Sorry, I can't finish this...

Monday, August 29, 2005

APECON! AP3D! APAB!

I am so skizzled. All my classes are A-OK and i love the acronyms. Here they are, just for you.


1/2 - AmDem Sanchez
3/4/5 - Physio Newhouse
REG - Rotter
6/7/8 - APAB Cohen
8/9/10 - Span5 Cadoppi
11/12/13 - APECON Spellicy
14/15 - Com&Sat Carney
16/17/18 - AP3D Rode


I hate all you APGov people. I wanted to take it to complete all the social studies ap's and have a monopoly on that market, but it didn't really appeal to me. I almost wish i had taken it... but then i remembered. ONE SEMESTER OF AMDEM! w00t!


My mom almost caught me when i took them out of my pocket!

Sunday, August 28, 2005

American Pie

I know two guys who be gettin some pootang and poonany this year. No pact, just an unsaid determination. You can see it in their eyes. Will anything stop them in their quest to stick it to the ladies? Of course not; I believe in these two. So lets all have a moment of silence to help these two brave souls make it with a chick this year.

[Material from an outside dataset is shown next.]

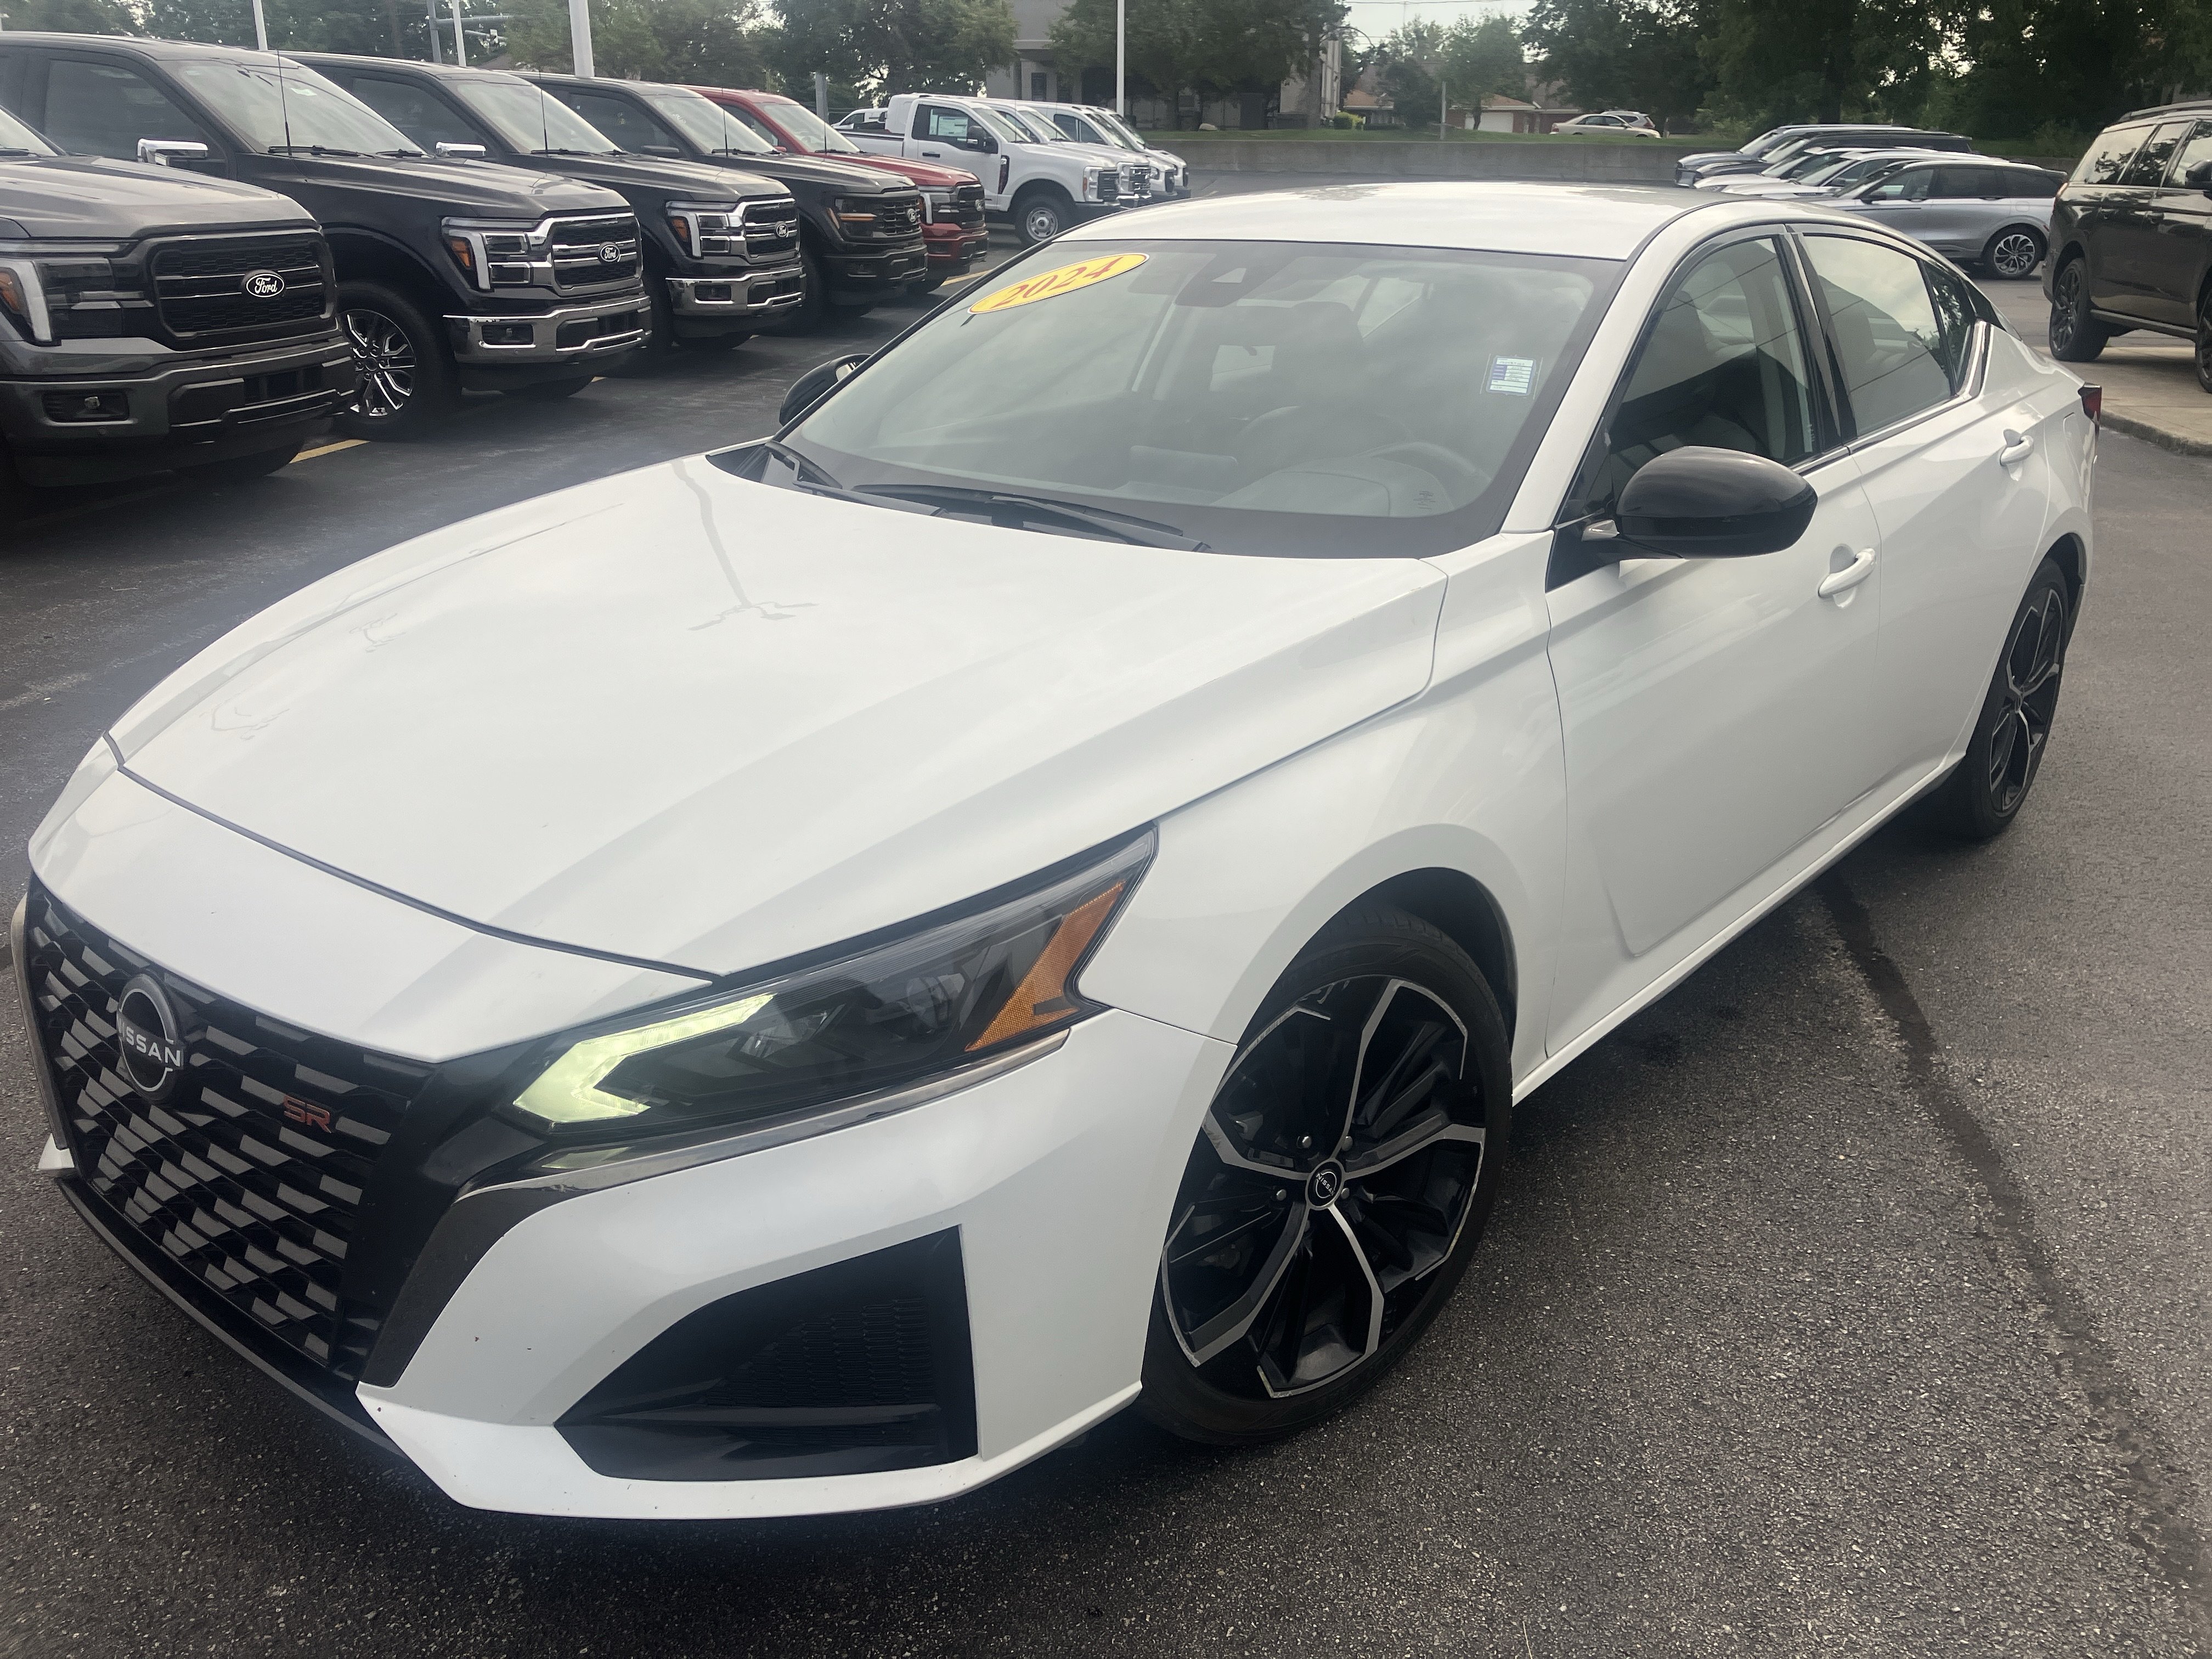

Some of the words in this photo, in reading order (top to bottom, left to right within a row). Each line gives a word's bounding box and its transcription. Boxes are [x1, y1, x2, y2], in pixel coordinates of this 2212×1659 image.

I love you guys. Tommy and Levi.

Wear Some Flowers In Your Hair

Grand Theft Auto: San Andreas is sucking my life away. I'm losing sleep over it. Just gotta keep shooting Ballas and Hookas and Bustas.

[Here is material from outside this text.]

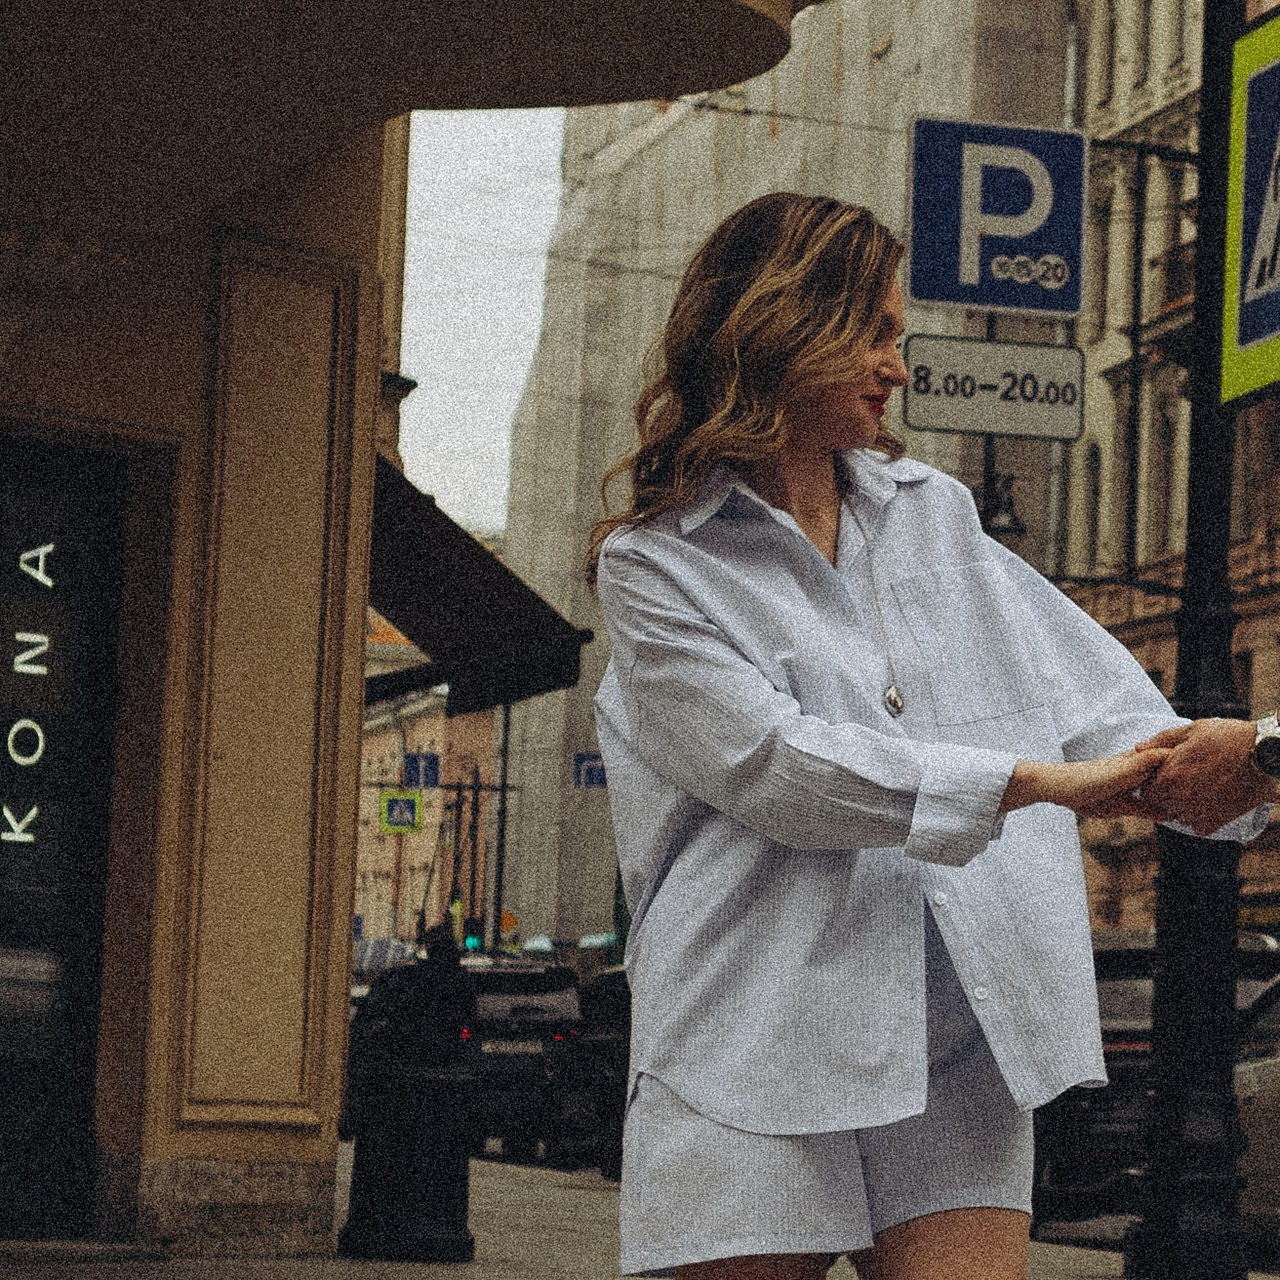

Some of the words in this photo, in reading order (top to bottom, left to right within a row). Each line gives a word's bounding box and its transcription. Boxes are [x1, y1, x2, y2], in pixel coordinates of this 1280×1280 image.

[958, 141, 1054, 286] P
[1039, 260, 1066, 283] 20
[0, 543, 56, 842] KONA

On a different note. I feel more confident. A longer stride. A taller walk.

I better kickass in arena on monday.

Fuck PromCom at fucking Chevys at fucking six oclock. I have fucking better things to do.

Thursday, August 18, 2005

Afternoon Delight

I got to play the role of a rich, white person today! Yep, I went to the Del Mar racetrack and bet on horses! Well, I picked horses for my parents because i could get closer during the parading. From my vantage point i could determine the stroner animals. We did pretty good. about forty bucks in the green. It was great fun, but it was also very educational.

For one thing, i caught a jockey. He was lurking in the bushes after the race. I caught him all curled up into a ball, whining that he had a race soon. I was afraid we was going to change me into a horseshoe, but the i realized that he was more afraid of me than i was of him. We were just looking at eachother for a couple seconds, but then i spoke up. "Where is your pot of betting tickets?" I demanded. But he just wimpered, curling up even tighter. I was right about to put him into my trusty leprachaun jar (that was all i had at the time), when i had a change of heart. A magical creature was a thing a true beauty. Sure i would love to win the million dollar purse that del mar was boasting, but i knew that i could never be happy with myself for draining this jockey of his powers. I apologized profusely and backed away. Boy those jockeys are small.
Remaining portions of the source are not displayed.